По окончании этой церемонии ввели Нейту. Бледная, с мокрым от слез лицом, Нейта встала на колени перед мумией.
Нейта была одета в простое белое платье, волосы ее были распущены. Тонкий золотой обруч придерживал на лбу цветок лотоса.
— О Саргон! Божественный супруг, слившийся с Озирисом! — произнесла она умоляющим голосом. — Прости мне то, что я недостаточно сильно любила тебя, и все зло, которое я причинила тебе по своему ребяческому рассудку, по моему безрассудству! Теперь ты можешь свободно читать в моей душе, ты должен видеть мое искреннее раскаяние и почести, которые я воздаю твоей памяти. Сжалься надо мной — жертвой, отмеченной вампиром, сжалься над матерями и детьми, которым грозит гибель! Укажи нам средство прогнать в Аменти душу чародея, так как он не может жить среди живых.
Слезы заглушили ее голос. Кругом царила мертвая тишина. Охваченная внезапным отчаянием, женщина подняла руки к нише и страстно вскричала:
— Саргон, Саргон! Твоя любовь была так велика, что ты пожертвовал ради меня своею жизнью! Неужели ты перестал любить меня, что остаешься глух к моим слезам и молитвам?
В эту минуту раздалось несколько глухих и отрывистых стуков.
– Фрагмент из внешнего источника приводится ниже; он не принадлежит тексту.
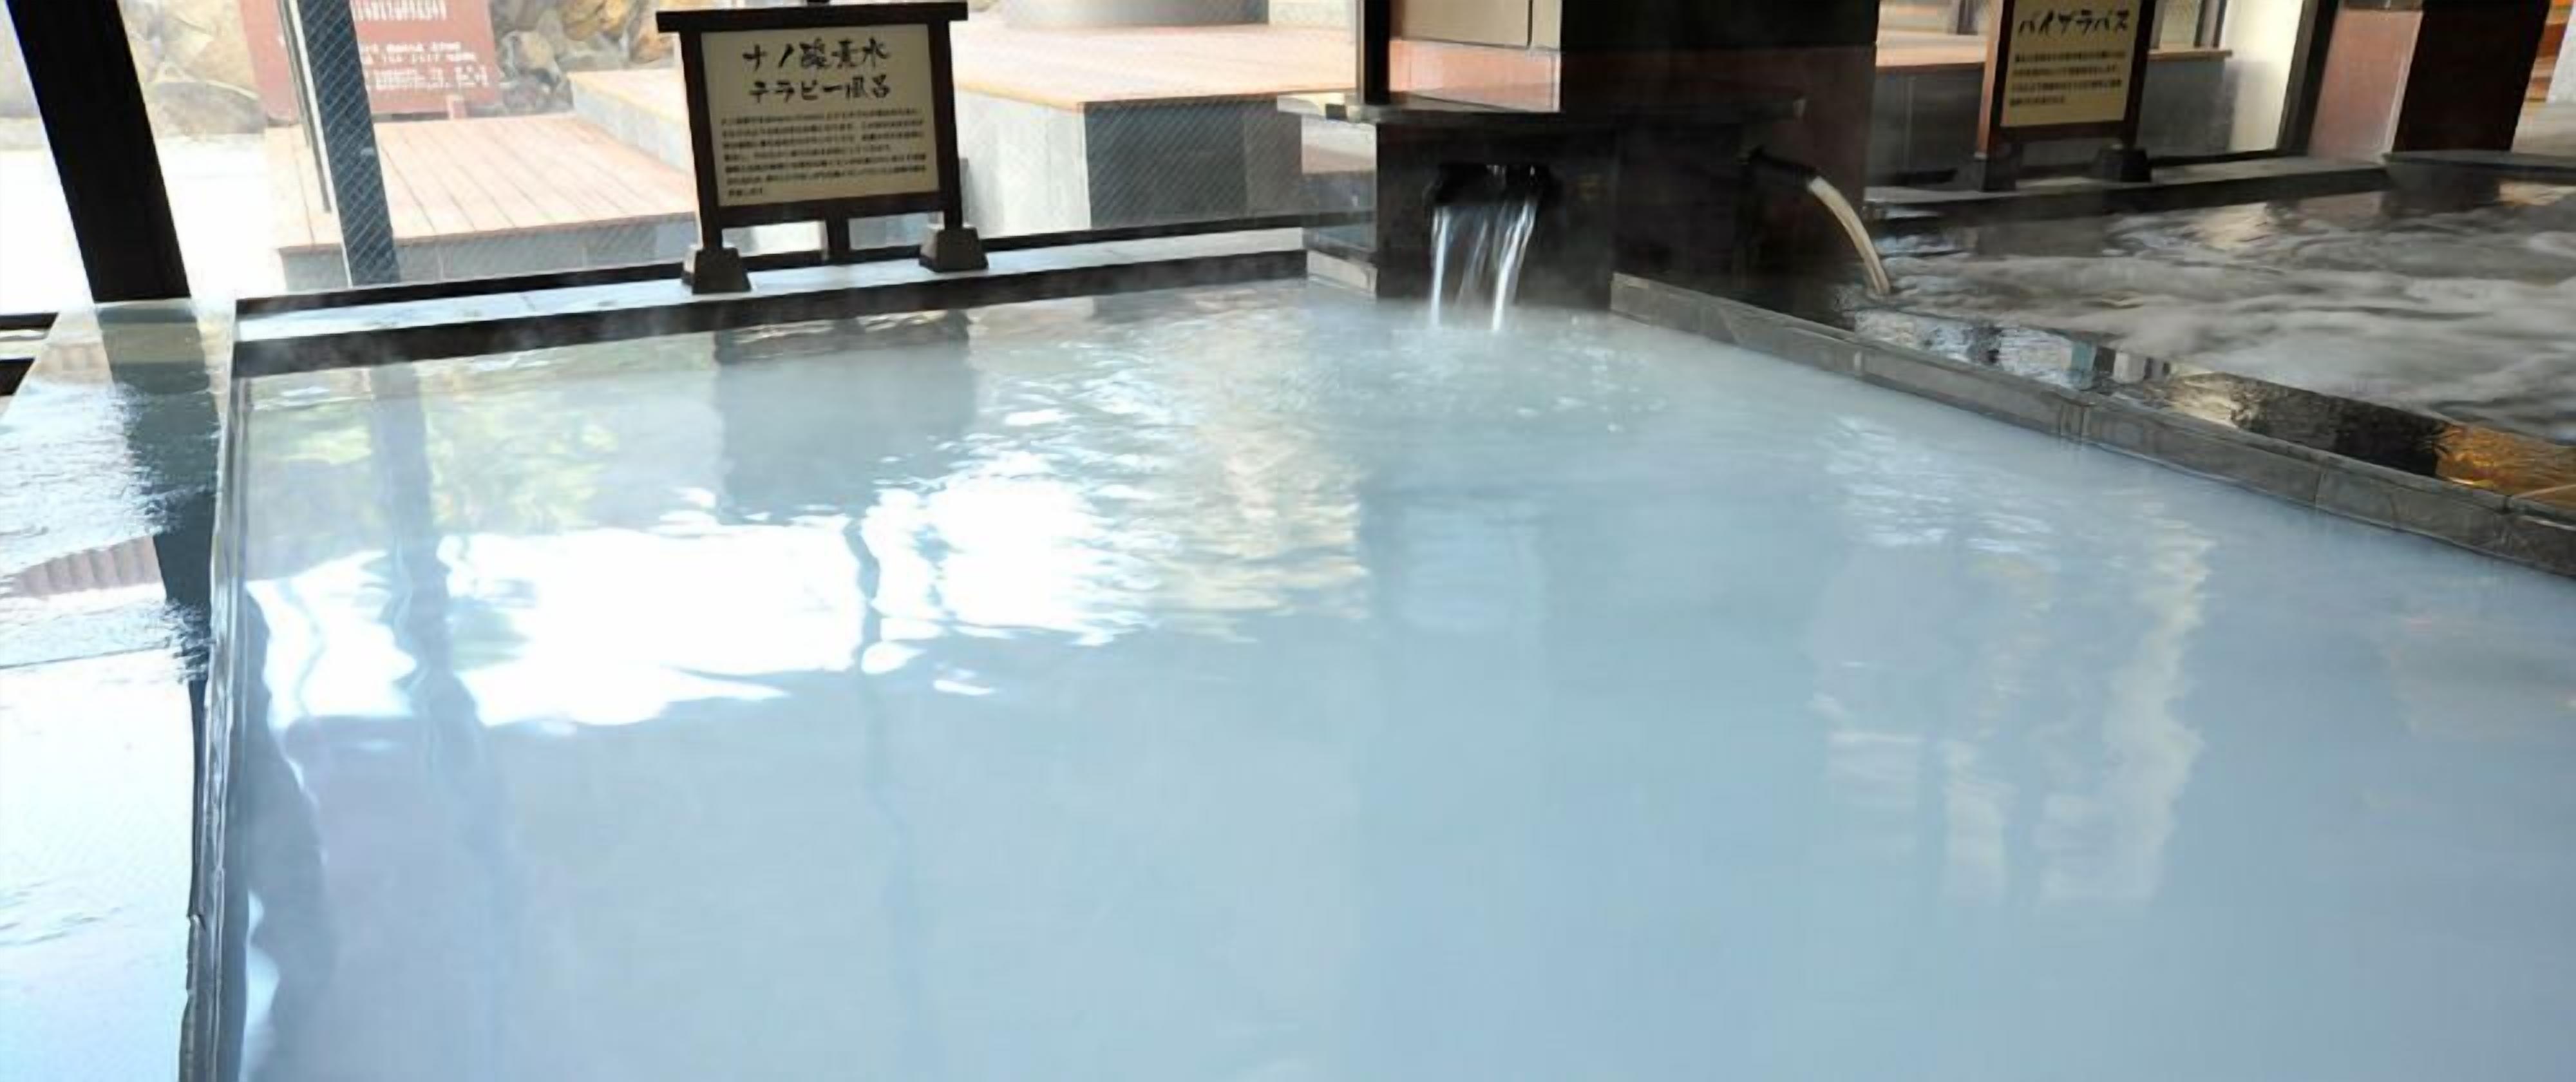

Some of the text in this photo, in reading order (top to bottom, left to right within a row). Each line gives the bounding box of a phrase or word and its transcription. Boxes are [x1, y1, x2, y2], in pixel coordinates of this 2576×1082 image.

Они, казалось, исходили из ящика мумии. Вслед за этими послышалось странное потрескивание, и в нише появился фосфорический свет. Неужели голос женщины достиг души Саргона и она явится из царства теней, чтобы вторично спасти Нейту от Хоремсеба и из гроба дать ей доказательство своей высокой любви? Все в благоговейном молчании скрестили руки. Нейта продолжала стоять на коленях, устремив глаза на мумию, покрывавшуюся каким — то прозрачным паром. Этот пар сгустился, расширился и наполнил нишу каким — то сверкающим облаком. Затем электрическая искра прорезала облачную массу и наполнила нишу нежным, синеватым светом, ярко осветившим подземелье и присутствовавших. На этом сверкающем фоне вырисовалась стройная фигура молодого человека, стоявшего перед нишей, на расстоянии одного шага от потрясенной Нейты.
Не могло быть ни малейшего сомнения в личности посетителя, явившегося из царства теней. Это было действительно бледное лицо принца хеттов и его темные и задумчивые глаза. На нем были надеты клафт и полотняная одежда. Драгоценные камни, украшавшие его ожерелье и браслеты, сияли, подобно солнечным лучам.
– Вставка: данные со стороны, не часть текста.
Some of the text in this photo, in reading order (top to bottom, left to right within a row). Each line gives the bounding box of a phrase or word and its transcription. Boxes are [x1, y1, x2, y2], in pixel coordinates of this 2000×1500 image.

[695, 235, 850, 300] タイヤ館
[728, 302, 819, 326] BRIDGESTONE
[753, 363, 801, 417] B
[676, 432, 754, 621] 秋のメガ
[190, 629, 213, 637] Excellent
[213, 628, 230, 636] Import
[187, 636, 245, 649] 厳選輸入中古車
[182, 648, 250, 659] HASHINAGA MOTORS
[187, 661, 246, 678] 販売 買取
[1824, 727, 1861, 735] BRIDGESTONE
Видение протянуло руку и сказало отчетливым, но как бы доносившимся издалека голосом:
— Вы вызвали меня, чтобы помочь вам освободить Египет? Пусть будет по — вашему. Мольбы Нейты тронули меня, и я явился сказать вам, что еще сегодняшней ночью, прежде чем взойдет Ра, нужно размуровать чародея. Один из вас должен вонзить ему в горло священный нож, употребляемый при жертвоприношениях. Когда это будет сделано, Фивы освободятся от вампира. Он больше уже никого не тронет. А ты — ты никогда не любила меня, — призрак с бледной улыбкой склонился к молодой женщине и положил руку ей на голову. — Но все равно! Живи и будь счастлива, чтобы я не даром пожертвовал своей жизнью!
Свет внезапно погас, видение исчезло. Снова лампы освещали своим бледным, колеблющимся светом таинственную нишу и белые одежды Нейты, без чувств лежавшей на каменных плитах.
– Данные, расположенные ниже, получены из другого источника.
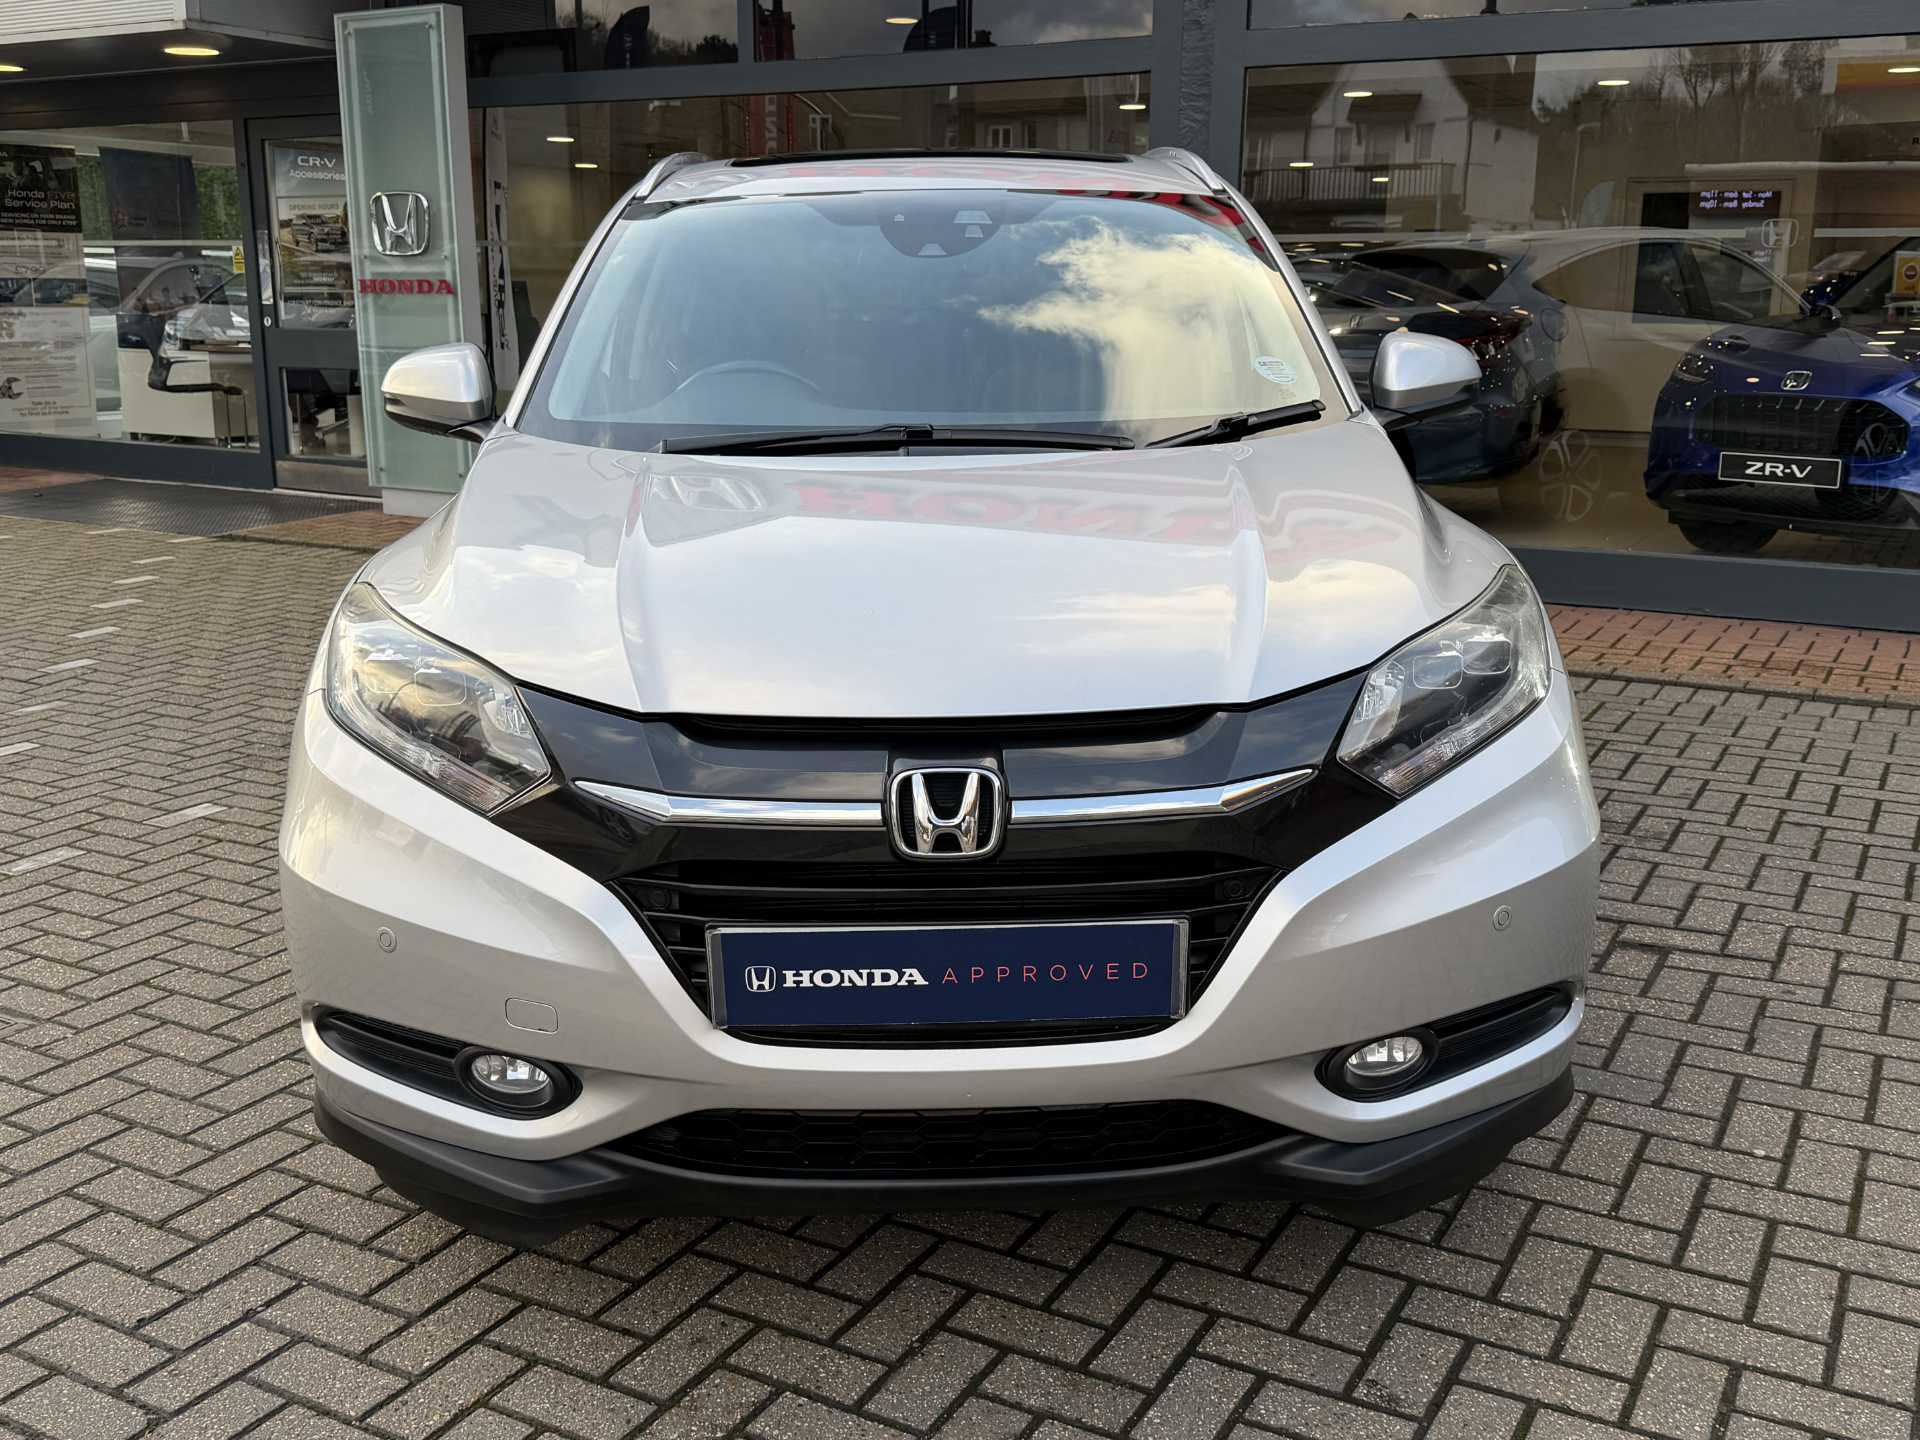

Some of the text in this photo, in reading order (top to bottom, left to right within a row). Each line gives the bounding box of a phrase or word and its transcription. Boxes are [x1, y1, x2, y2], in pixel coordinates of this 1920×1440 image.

Взволнованные и обрадованные жрецы наскоро посоветовались и решили, не теряя ни минуты, привести в исполнение полученный совет. Вооружившись факелами и необходимыми инструментами, они отправились к роковой стене. Не желая иметь лишних свидетелей, жрецы сами размуровали нишу. Скоро красноватый свет факелов осветил бледную голову мемфисского чародея, тело которого, не поддаваясь разложению, напоминало базальтовую статую. Наступила минута зловещего молчания. Затем Рансенеб, добровольно взявший на себя эту миссию, поднял жертвенный нож и твердой рукой вонзил блестящее лезвие в горло трупа. С журчанием, напоминавшим шум воды, проходящей через воронку, из раны ручьем брызнула алая кровь, вызвав у всех крик удивления.